I look and see that radio host's eyes wandering down Ochako's body ever so slowly. As if to make my claim, I snatch her by her waist and pull her on my lap. Whoa, my wife needs to pay attention to what she's eating, she's getting a little heavy.

She blushes wildly, tucking strands of auburn hair behind her cute ears.

"Katsuki! What are you doing? We're in public!" She yells.

I give myself a good ol' face-palm as Blue-haired Pervert laughs wildly.

"Wow, this whole interview has just gotten a whole lot more...exclusive." He chuckles. The guy sounds like a damn villain. I wonder if I'd get penalized for beating the sh- I mean crap outta him?

Meanwhile my spouse is out of the loop.

"What's wrong with you guys?" She asks, completely oblivious.

I sigh in frustration.

"Babe, you insinuated to all of Japan that we're engaging in explicit activity." I reply with an edge of annoyance in my voice.

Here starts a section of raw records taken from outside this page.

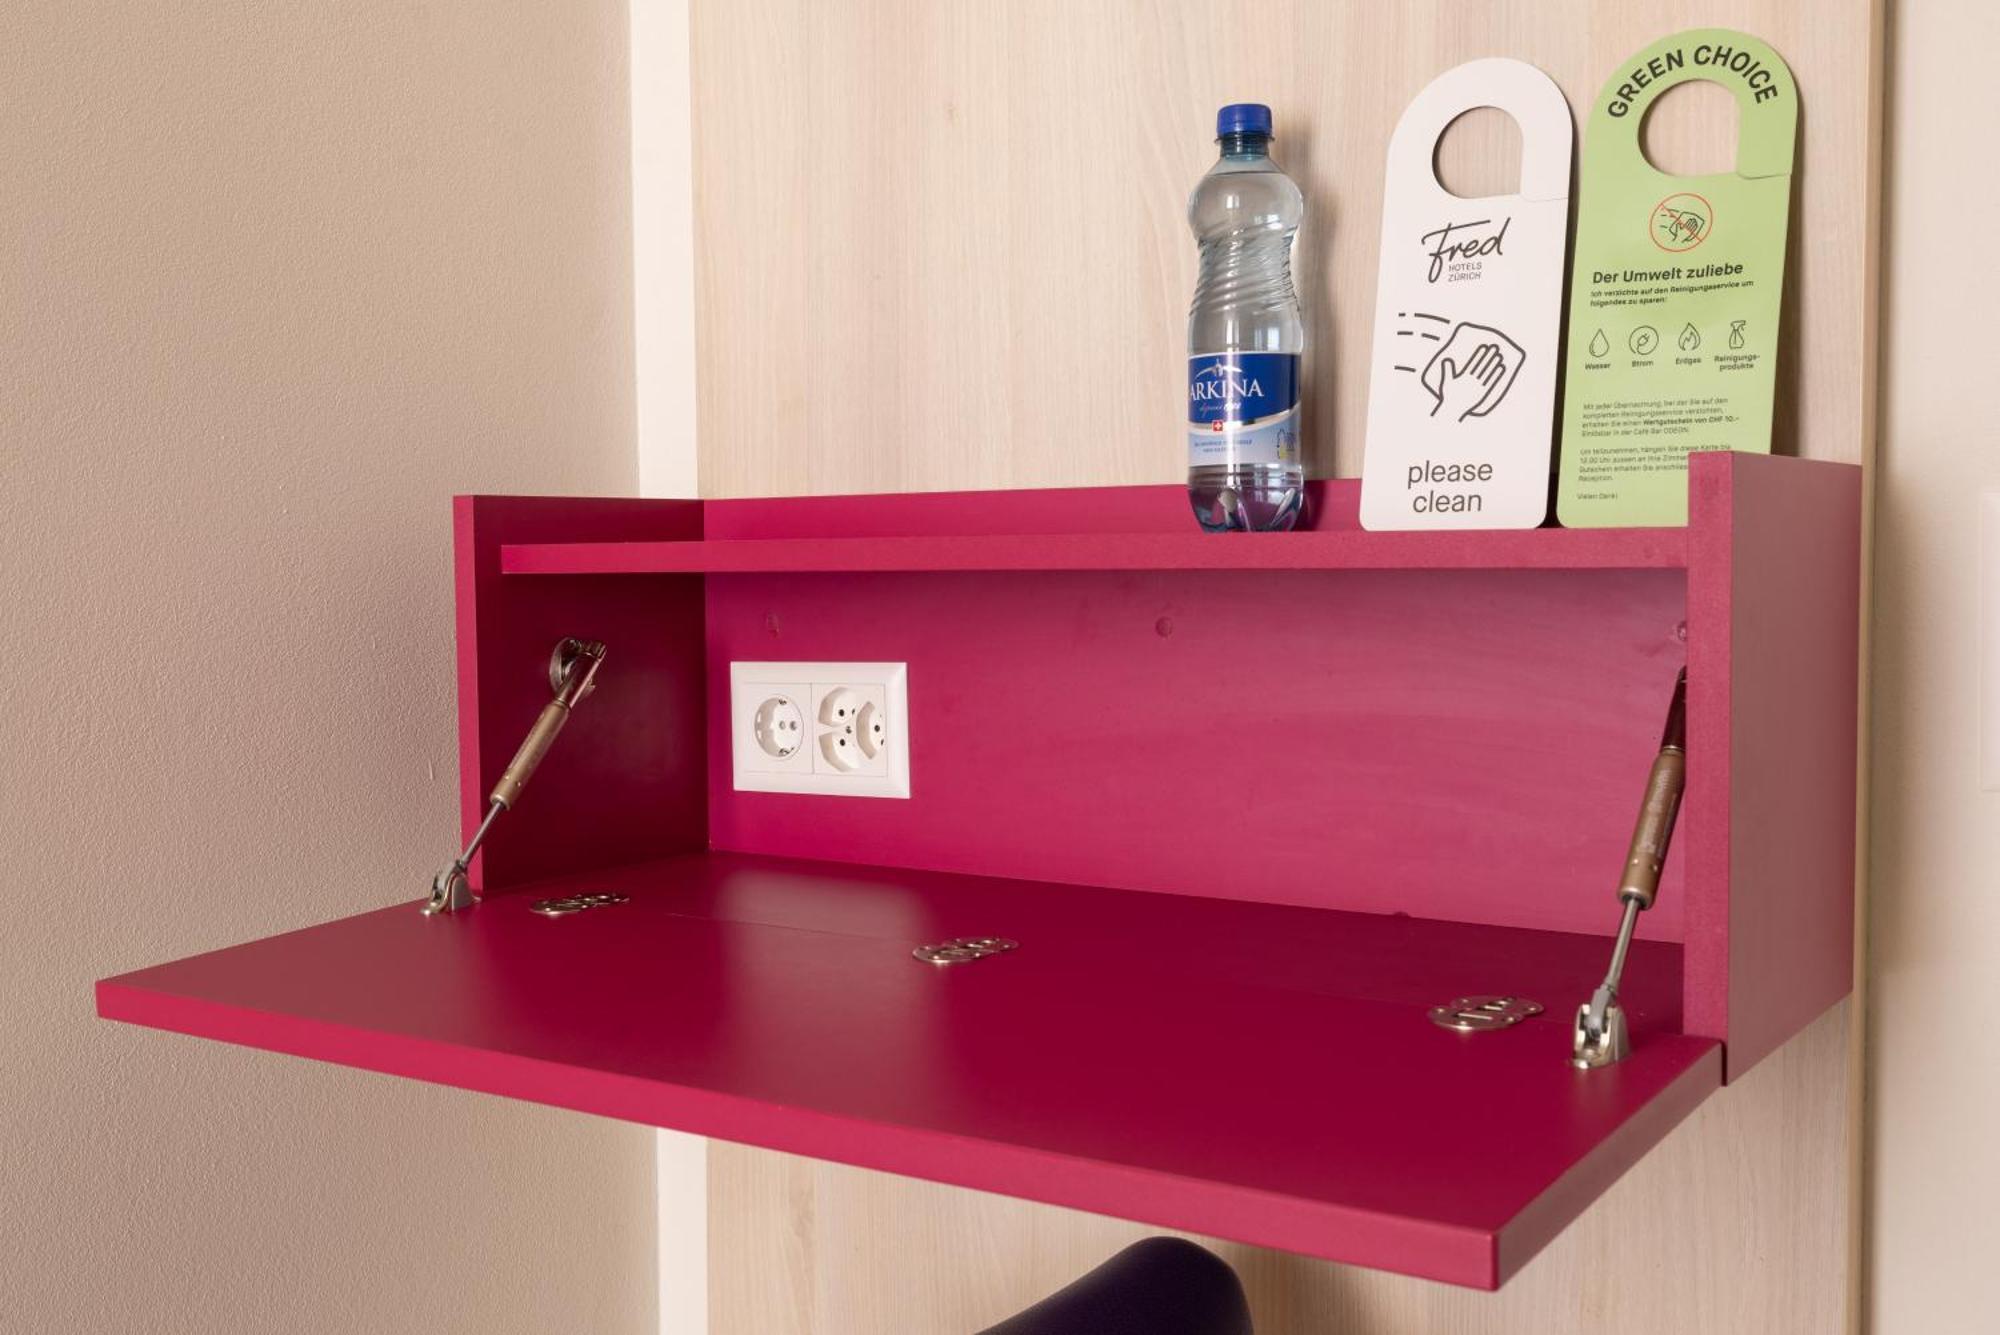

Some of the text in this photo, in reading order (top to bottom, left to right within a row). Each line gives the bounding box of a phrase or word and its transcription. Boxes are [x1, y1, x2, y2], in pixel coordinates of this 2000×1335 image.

[1608, 45, 1778, 118] GREEN CHOICE
[1421, 217, 1511, 283] Fred
[1448, 271, 1482, 282] ZÜRICH
[1449, 262, 1482, 272] HOTELS
[1593, 262, 1744, 284] Der Umwelt zuliebe
[1591, 279, 1754, 298] Ich verzichte auf den Reinigungsservice um
[1590, 298, 1627, 308] folgendes
[1584, 362, 1611, 370] Wasser
[1675, 357, 1702, 366] Erdgas
[1714, 353, 1760, 364] Reinigungs-
[1719, 362, 1754, 372] produkte
[1190, 378, 1265, 401] ARKINA
[1643, 418, 1693, 426] Wertgutschein
[1408, 460, 1493, 490] please
[1413, 490, 1482, 513] clean

I feel Ochako tense as she realizes what she said. Her face is now beet red. I would be laughing my butt off at her grade school-like reaction if I wasn't so angry. When did this thing end?

"Well, we better get a move on, we only have an hour left." The hosts says.

AN HOUR?! GEEZ, JUST KILL ME NOW BEFORE I  BLOW UP THIS STUDIO!!!

I clench my fists, trying to relive my irritation. It's not working.

"So, the first thing I'd like to ask you, is how you two became an item. Rumor has it that the global hero Deku had his eyes on Uravity at the beginning of high school. So Ground Zero, care to explain how you ended up with this woman as your wife?" He inquires, raising an eyebrow.